Garrity refers to a legal case in which it was ruled that police officers are compelled by law to testify to CRA, Internal Affairs and other quasi-courts but, in exchange, that testimony cannot be used against them in actual court hearings.

I wasn't on the list back when I chaired the Outcomes subcommittee of the CRA redesign working group for the city. Subpoena power was our most important recommendation from that work. Despite our extensive research on best practices around the country, the city roundly rejected subpoena power (and all of our other recommendations, for that matter) and forced through the folding of the CRA into the Civil Rights Department. IMO this had been their intent from the start but Rybak wanted the imprimateur of the community to make it appear as if we had desired this change. We did not and, in fact, had recommended against it, since the Civil Rights Department has consistently failed in their own mandate, let alone taking on something else as important as the CRA. CM Robert Lilligren played a big role behind the scenes in manipulating the recommendations to allow for takeover of the CRA by the Civil Rights Department.

One of the reasons the city rejected subpoena power is that they claimed it would require action by the state legislature to put into place. However, CM Paul Zerby (who is an attorney) found that was not true--a majority vote by the city council would have allowed the CRA to acquire subpoena power. Once that got exposed, the rest of the council then started making other excuses like "since they've got Garrity, they don't need subpoena power." That's bull because Garrity only applies to cops--what about civilian witnesses (such as business owners, etc.) who have evidence (like security camera tapes) but who are hesitant to share it?
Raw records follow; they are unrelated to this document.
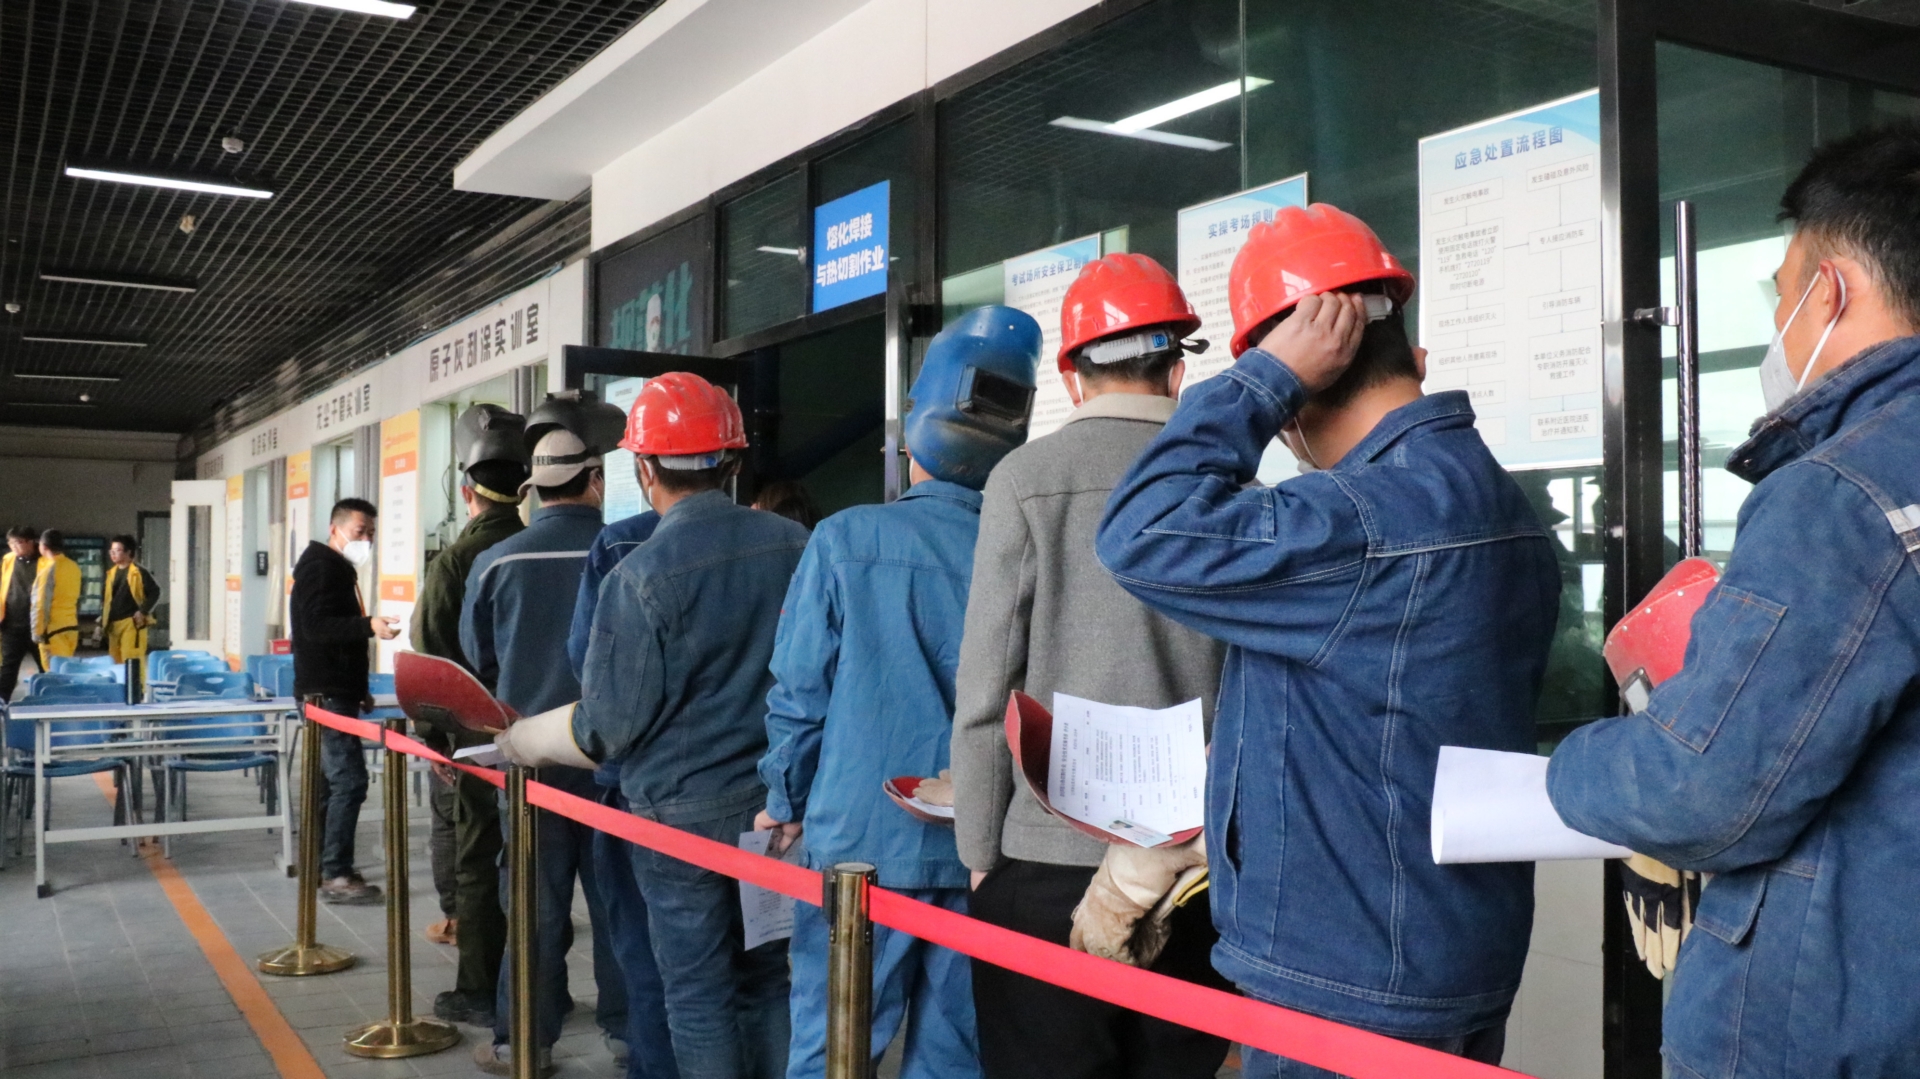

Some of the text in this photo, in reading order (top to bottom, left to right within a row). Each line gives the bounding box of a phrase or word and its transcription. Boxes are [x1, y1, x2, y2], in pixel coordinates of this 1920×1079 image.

[1454, 125, 1563, 170] 应急处置流程图
[826, 211, 873, 251] 熔化焊接
[1208, 207, 1273, 239] 实操考场规则
[816, 244, 884, 287] 与热切割作业
[430, 302, 539, 383] 原子灰刮涂实训室
That's why subpoena power is important.

Here we are, 15 months later, with no functioning CRA and they are just starting to put together their operating rules. This is what you get with the CRA under the Civil Rights Department--delay after delay. I remember very well in July 2002 the city council instructing Van Owens Hayes to post and fill the open positions on the CRA board and to get it going ASAP. All this time later and still no cases are being heard. The media has made a big hoopla over the fact that complaints are down (though not to CUAPB--our complaint numbers are steadily climbing every month). Do you suppose the absolute non-response to complaints by the CRA has something to do with it? The community is not stupid. After a while, they take the hint and stop making complaints. If anything, it is LONG PAST time for the CRA to start doing its job!

Michelle Gross
Bryn Mawr

At 07:46 PM 10/27/03 -0600, WizardMarks wrote:
WM: I read through all the rules and have questions around two issues: first, what is a "Garrity Warning"? It appears to be a warning to elicit the truth from police officers, but the warning itself is not written into the rules. Second, why is there no supoena (sp?) power in the CRA?